File metadata and controls

96 lines (66 loc) · 5.15 KB

SQL Prediction Evaluation

This directory contains run_evaluation.py, a script for evaluating the results of SQL query predictions against ground truth queries and their result sets. It computes a variety of metrics, including execution accuracy, subset accuracy, and SQL equivalence, and outputs detailed and summary reports.

Requirements

Before running the script, install the required dependencies:

pip install -e .

or follow the instructions on the main README to setup your environment and do:

pip install -e .

Note on LLM Judge mode (--use_llm_judge) If you enable --use_llm_judge, you must have your LLM provider configured (e.g., API key and endpoint) as described in the project's main README. LLM evaluation may incur API costs and can be non-deterministic unless you fix parameters (e.g., temperature).

Usage

python scripts/evaluation/run_evaluation.py <input_file.json> [--output_file OUTPUT] [--summary_file SUMMARY] [--csv_summary_file CSV_SUMMARY] [--use_llm_judge] [--llm_judge_config_path]
  • <input_file.json>: Path to the input JSON file containing records with ground truth and predicted SQL queries and their result DataFrames.
  • --output_file: (Optional) Path to write the evaluated JSON output. Defaults to <input_file>_eval.json.
  • --summary_file: (Optional) Path to write the evaluation summary in JSON format. Defaults to <input_file>_eval_summary.json.
  • --csv_summary_file: (Optional) Path to write the evaluation summary in CSV format. Defaults to <input_file>_eval_summary.csv.
  • --use_llm_judge: (Optional) Enables LLM-as-judge metrics in addition to the standard metrics.
  • --llm_judge_config_path: (Optional) Enables LLM-as-judge metrics in addition to the standard metrics, and sets path to config yaml file for LLM-as-judge inference. See an example config file that is used as default: here.

Input Format

The input JSON should be a list of records. Each record must contain:

  • "sql": The ground truth SQL query.

  • "gt_df": The ground truth result DataFrame, encoded as a JSON string.

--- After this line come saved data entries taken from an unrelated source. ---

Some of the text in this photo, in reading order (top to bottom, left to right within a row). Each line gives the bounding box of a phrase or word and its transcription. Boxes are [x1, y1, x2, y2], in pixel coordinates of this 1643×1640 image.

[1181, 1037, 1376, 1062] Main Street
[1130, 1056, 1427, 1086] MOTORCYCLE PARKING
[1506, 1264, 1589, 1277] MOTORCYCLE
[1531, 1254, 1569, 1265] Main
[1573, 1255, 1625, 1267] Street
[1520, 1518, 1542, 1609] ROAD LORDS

  • "predictions": A dictionary mapping model names to their predictions, each containing:

    • "predicted_sql": The predicted SQL query.
    • "predicted_df": The predicted result DataFrame, encoded as a JSON string.

For a sample input, see data/benchmarks/test_benchmarks/results/bird_sqlite_test_benchmark-predictions.json.

Output

  • The script adds evaluation metrics to each prediction in the output JSON.
  • It also produces summary statistics (mean and standard deviation) for each metric, per model, in both JSON and CSV formats.
  • A summary is printed to the console.

For sample outputs, see:

Metrics

  • execution_accuracy: Exact match between predicted and ground truth result sets.

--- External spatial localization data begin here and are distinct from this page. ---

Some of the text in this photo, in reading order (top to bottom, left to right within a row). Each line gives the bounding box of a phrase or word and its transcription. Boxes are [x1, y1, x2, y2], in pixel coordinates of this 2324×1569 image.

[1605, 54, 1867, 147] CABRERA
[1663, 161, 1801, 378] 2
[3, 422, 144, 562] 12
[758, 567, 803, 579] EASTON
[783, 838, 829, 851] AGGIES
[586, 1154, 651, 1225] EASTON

  • non_empty_execution_accuracy: Match when both result sets are non-empty.

  • subset_non_empty_execution_accuracy: Match even with missing or additional columns when both sets are non-empty.

  • bird_execution_accuracy: Set-based match as in the BIRD benchmark.

  • is_sqlglot_parsable: Whether the predicted SQL is parsable by SQLGlot.

  • is_sqlparse_parsable: Whether the predicted SQL is parsable by sqlparse.

  • sqlglot_equivalence: SQLGlot-based equivalence.

  • sqlglot_optimized_equivalence: Optimized SQLGlot equivalence.

  • sqlparse_equivalence: sqlparse-based equivalence.

  • sql_exact_match: Exact string match of SQLs.

  • sql_syntactic_equivalence: Any of the above SQL equivalence metrics is true.

  • llm_score (only with --use_llm_judge): LLM-as-judge score indicating whether the prediction is correct per a rubric.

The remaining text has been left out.